Launched on the sidelines of the Annual Meetings of the African Development Bank in Busan in May 2018, the African Financial Alliance on Climate Change (AFAC) was the subject of a special session held at the Africa Investment Forum on November 7 in Johannesburg.
The AFAC Steering Committee comprising investors, lenders, regulators and insurers from Africa’s financial sector, met to approve the guiding principles underlying this new African Development Bank initiative, which seeks to boost the flow of climate finance towards the continent.
Currently Africa receives only three percent of the world’s climate finance despite being the continent most at risk from climate change and accounts for less than 4% of global greenhouse gas emissions.
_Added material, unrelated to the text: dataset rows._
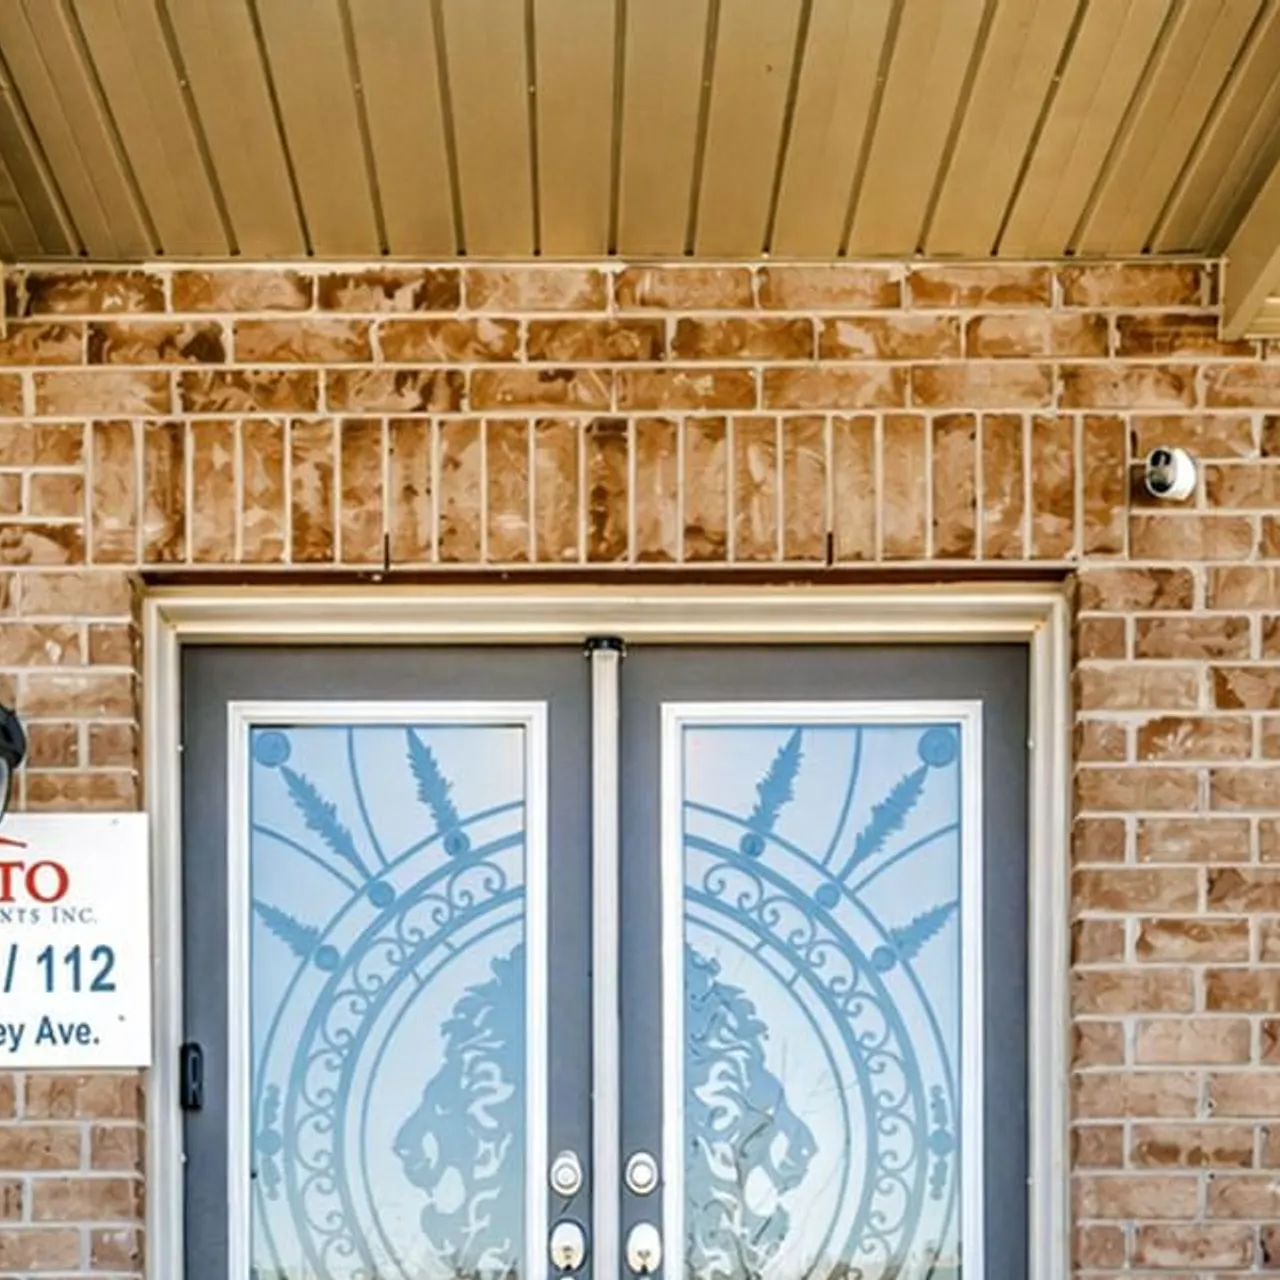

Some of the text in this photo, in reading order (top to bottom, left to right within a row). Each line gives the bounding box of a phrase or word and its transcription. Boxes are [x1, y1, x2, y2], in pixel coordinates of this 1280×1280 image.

[50, 905, 98, 925] INC.
[36, 945, 116, 992] 112
[35, 1016, 100, 1046] Ave.
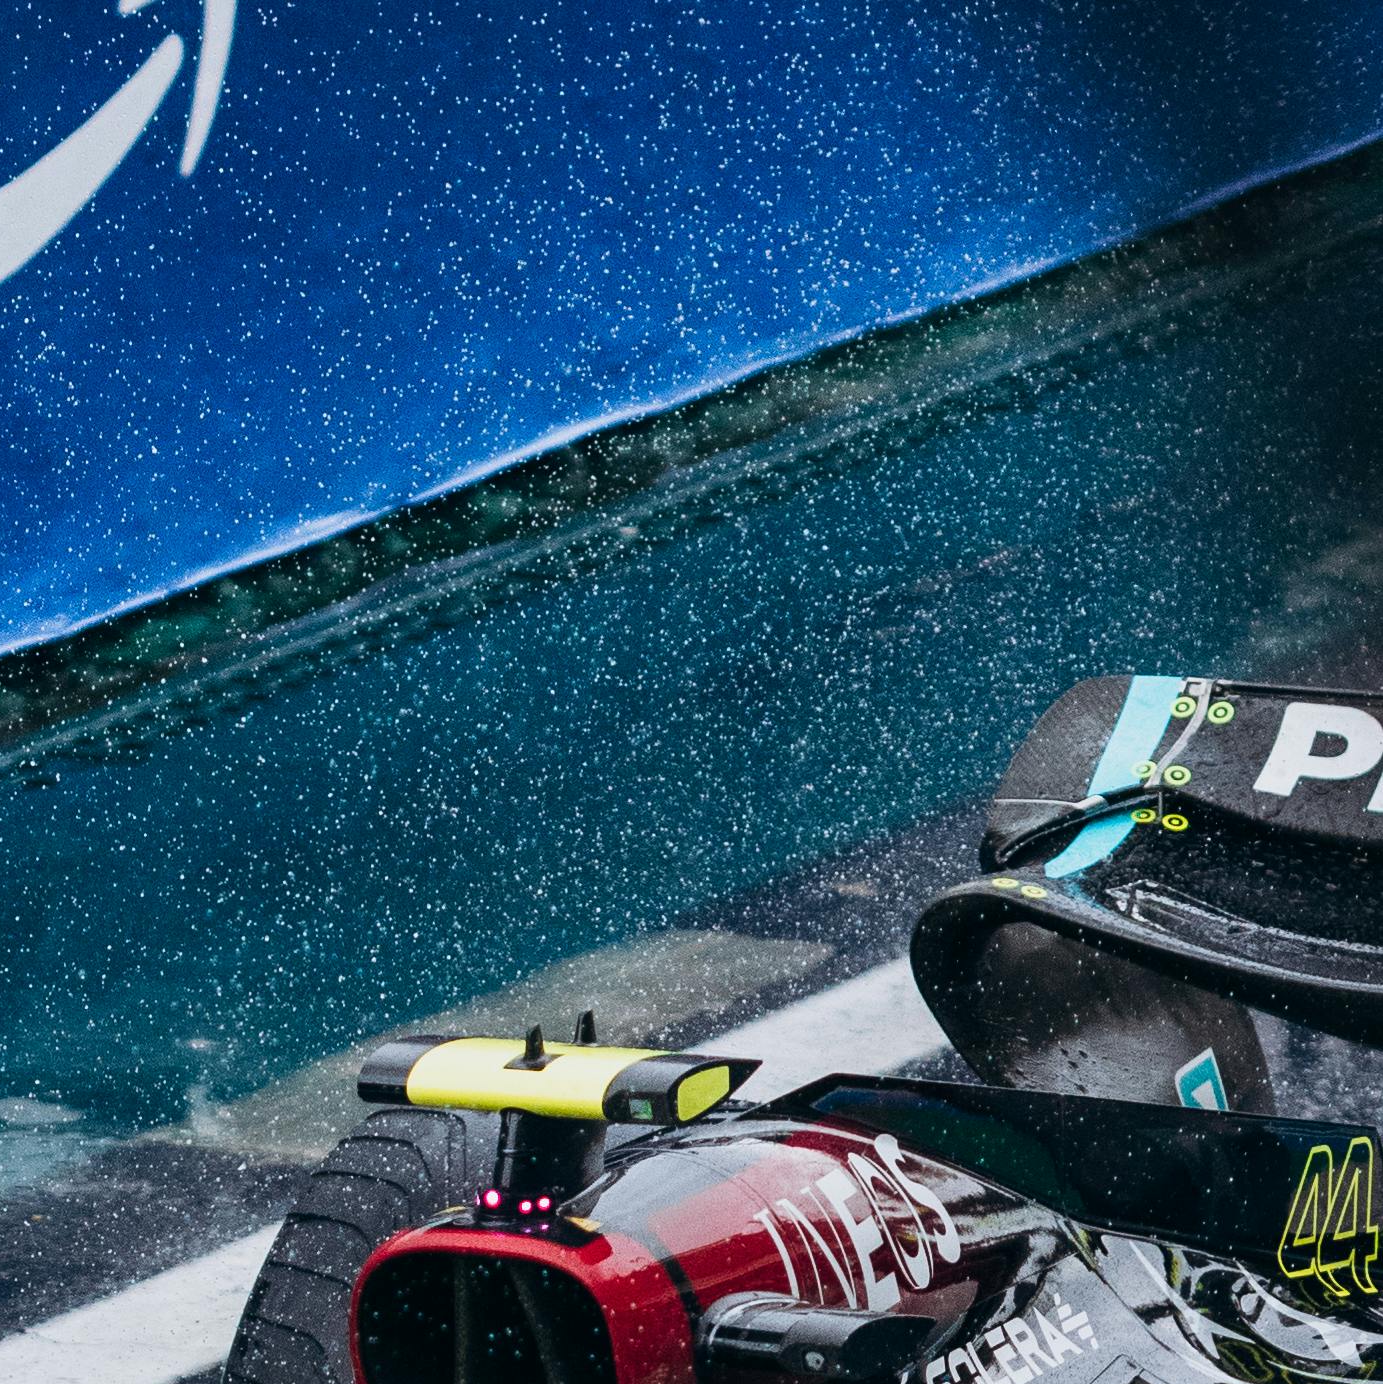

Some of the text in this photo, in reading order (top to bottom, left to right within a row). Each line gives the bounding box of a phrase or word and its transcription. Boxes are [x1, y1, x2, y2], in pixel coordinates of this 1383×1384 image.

[1253, 702, 1383, 812] P
[753, 1134, 961, 1313] INEOS
[1278, 1136, 1379, 1297] 44
African Development Bank Vice-President for Power, Energy, Climate Change and Green Growth, Amadou Hott, opened the session in a packed room, pointing out that the Bank was at the front line of the fight against climate change in Africa: “We have agreed that 40% of our investments will include a ‘climate change’ aspect by 2020. We reached 28% last year and will achieve 32% this year”. He added, “If the Bank is strongly committed to this fight, investments must be strengthened.”
Jens Frølich Holte, the State Secretary for Foreign Affairs in Norway, one of AFAC’s earliest contributors, reaffirmed his country’s support for the Bank’s action and the new pan-African financial alliance launched by the Bank to increase climate finance for Africa. “We are an enthusiastic partner of the Bank”, he began. “A transition is under way in the energy sector in many African countries, and the market for renewable energies is developing very quickly. But we are surprised that there is not more investment in Africa, where the potential is huge. It’s a shame”. He continued, “In 2017 Norway pledged to double its development aid for renewable energies by 2019. And Africa will be at the heart of these actions!”
The co-chair of the AFAC steering committee, Rwandan Minister of Finance and Economic Planning, Uzziel Ndagijimana, began by thanking the Bank’s leadership for this excellent AIF initiative, before describing how Rwanda had seized upon the climate change challenge, integrating it in its policies. “Climate finance from public sources will not be enough to meet Africa’s colossal needs… We need extensive cooperation and more political will,” she said.
AFAC co-chair, Lord Nicholas Stern, former Vice-President of the World Bank, in his video message reiterated “the need to act”. This sense of urgency was shared by all the panellists, including Dolika Banda of Zambia, the president and managing director of the African Risk Capacity Insurance – which is at the forefront of risk mutualisation linked to natural disasters in Africa – Youssef Rouissi, Assistant Managing Director for the Attijariwafa finance and insurance bank, and Parks Tau of South Africa, president of United Cities and Local Governments (UCLG).
According to Anthony Nyong, the African Development Bank’s Director for Climate Change and Green Growth, this urgency has arisen “because the financial sector is crucial”. He repeated AFAC’s purpose: “to lead the African financial sector at the heart of action to combat climate change…We must build an entire ecosystem: multilateral development banks, central banks, national and regional banks, commercial banks, institutional and sovereign investors, etc. We must strengthen financial institutions in Africa,” he added.
Carla Montesi, the Director of Planet and Prosperity at the European Commission’s Directorate-General for International Cooperation and Development, addressed the session and in particular welcomed the Bank’s “ambitious” goal of integrating climate change in 40% of its investments by 2020: “We know that climate change will have a huge impact on African economies. But doing nothing will take a heavy toll,” Montesi said.
Final remarks came from Amadou Hott, who welcomed the commitment and will of all actors present to move forwards.
“We want Africa to advance towards a green economy; not as a fad, but because it is a viable and responsible economic vision,” he added.